Bruxelles, 05/06/2008 (Agence Europe) - La commissaire européenne Viviane Reding est venue commenter, mardi 3 juin, devant la commission industrie du Parlement européen, certains dossiers phares inscrits à l'agenda de la DG société de l'information et des médias. Plusieurs députés ont marqué leur soutien à propos d'une éventuelle réglementation des tarifs de roaming pour les SMS et l'Internet mobile, alors que d'autres ont appelé à un renforcement des règles de protection des données dans la législation relative aux communications électroniques. Quelques divergences de vues entre la commissaire et les députés se sont fait sentir quant à la proposition de la Commission européenne de créer une autorité européenne des télécommunications.
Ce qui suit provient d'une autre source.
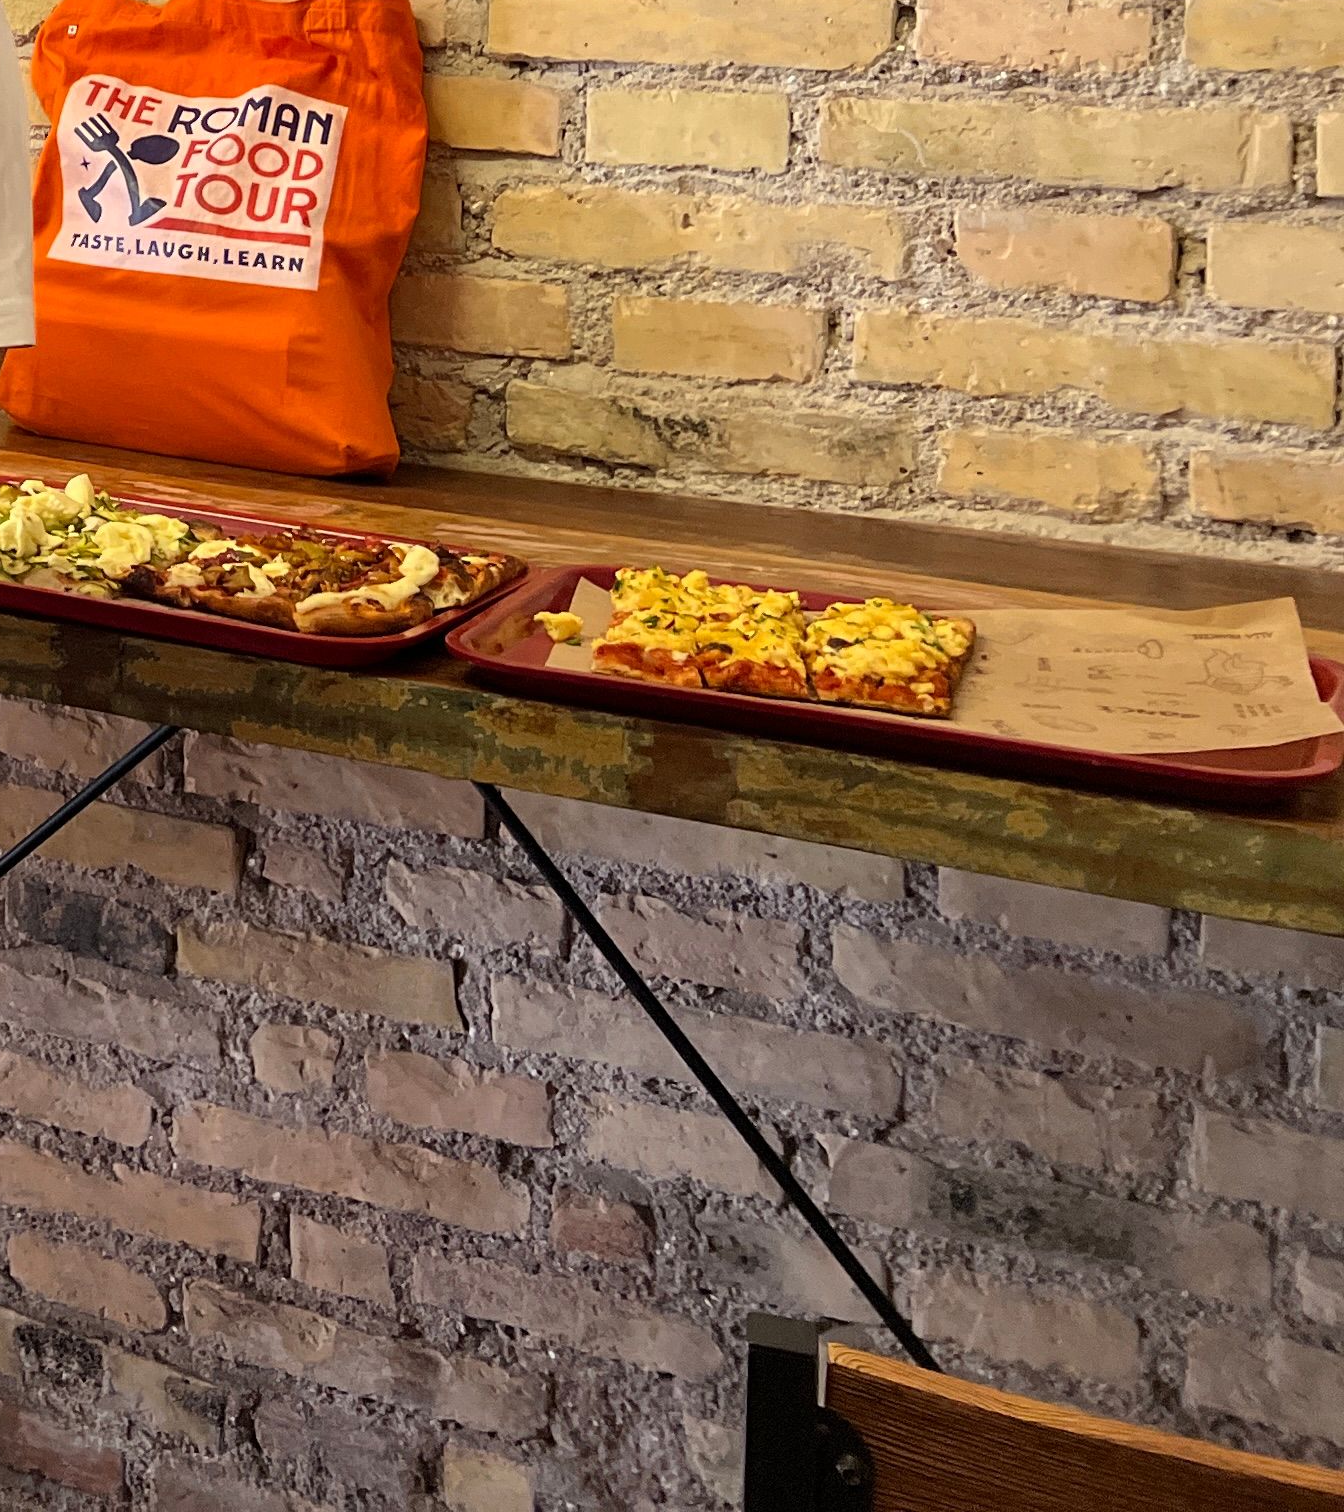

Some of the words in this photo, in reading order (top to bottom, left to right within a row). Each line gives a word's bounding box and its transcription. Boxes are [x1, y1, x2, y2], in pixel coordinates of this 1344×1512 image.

[85, 80, 162, 126] THE
[168, 95, 333, 145] ROMAN
[181, 133, 323, 181] FOOD
[174, 172, 318, 228] TOUR
[223, 248, 306, 274] LEARN
L'examen par le Parlement des propositions de réforme sur le paquet télécoms a fourni jusqu'ici « une base très solide de négociations », a assuré Viviane Reding. Elle a toutefois émis quelques réserves quant à la proposition de Pilar del Castillo (PPE-DE, espagnole), rapporteur en la matière, de créer à la place de l'autorité européenne des télécoms un « organe des régulateurs européens de télécommunications » (Body of European Regulators in Telecoms - BERT) (voir EUROPE n° 9658). La commissaire nourrit « de sérieux doutes à propos de la durabilité des dispositions budgétaires proposées » qui prévoit que le BERT soit financé aux deux tiers par les autorités de régulation nationales (ARN). « Un organe communautaire ne devrait pas dépendre des autorités de régulation nationales », a-t-elle expliqué. L'idée est d'avoir un régulateur européen qui aurait à sa base les autorités nationales, lui a répondu Mme del Castillo, certifiant que l'organe serait indépendant.
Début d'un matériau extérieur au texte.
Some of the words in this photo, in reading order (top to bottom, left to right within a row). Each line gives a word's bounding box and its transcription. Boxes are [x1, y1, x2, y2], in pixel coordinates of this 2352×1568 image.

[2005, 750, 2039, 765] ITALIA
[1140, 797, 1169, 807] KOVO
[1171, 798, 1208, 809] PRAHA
À propos des tarifs de roaming, « le moment de vérité » viendra à la mi-juillet, quand la Commission réactualisera ses données relatives aux prix de roaming pour les appels vocaux et les données, a souligné la commissaire, en rappelant que la Commission avait fixé aux opérateurs un ultimatum au 1er juillet pour qu'ils revoient leurs tarifs à la baisse. Mme Reding a ajouté, d'autre part, qu'elle prévoyait une communication et une étude d'impact sur le sujet pour l'automne mais qu'elle ne pouvait confirmer, à ce stade, qu'elle poursuivrait dans la voie d'une réglementation sans une étude détaillée des chiffres au préalable. Paul Rübig (PPE-DE, autrichien), rapporteur sur le sujet, s'est montré satisfait de l'impact du règlement sur les appels vocaux. « Dans chaque État membre, il existe au moins un opérateur qui propose un tarif inférieur au prix plafond », s'est-il réjoui. Pour Umberto Guidoni (GUE/NGL, italien), « le règlement de roaming a montré que le marché à lui seul n'était pas capable d'assurer la concurrence ». Patrizia Toia (ADLE, italienne) a assuré la commissaire du soutien du Parlement pour achever son travail: « Nous ne pouvons pas rester assis et attendre des opérateurs qu'ils régulent eux-mêmes », a-t-elle souligné. À propos des rumeurs de violation des données privées par Deutsche Telekom, Rebecca Harms (Verts/ALE, allemande) et d'autres députés allemands ont exprimé leurs doutes quant à l'efficacité de la législation actuelle sur la protection des données. Pour Jorgo Chatzimarkakis (ADLE, allemand), « le scandale actuel montre que notre législation en matière de protection des données se fait distancer par les possibilités techniques ». (I.L.)